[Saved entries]
▬▬▬▬▬▬
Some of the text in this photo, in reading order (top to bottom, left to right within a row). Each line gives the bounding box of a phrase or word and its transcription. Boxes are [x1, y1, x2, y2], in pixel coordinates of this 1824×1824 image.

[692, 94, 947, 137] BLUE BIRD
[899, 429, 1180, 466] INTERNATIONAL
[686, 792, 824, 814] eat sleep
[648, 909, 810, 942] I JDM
▬▬▬▬▬▬
Activity>
Line by line, restate the data exactly.

Exercise result>
Some of the text in this photo, in reading order (top to bottom, left to right within a row). Each line gives the bounding box of a phrase or word and its transcription. Boxes are [x1, y1, x2, y2], in pixel coordinates of this 1824×1824 image.

[692, 94, 947, 137] BLUE BIRD
[899, 429, 1180, 466] INTERNATIONAL
[686, 792, 824, 814] eat sleep
[648, 909, 810, 942] I JDM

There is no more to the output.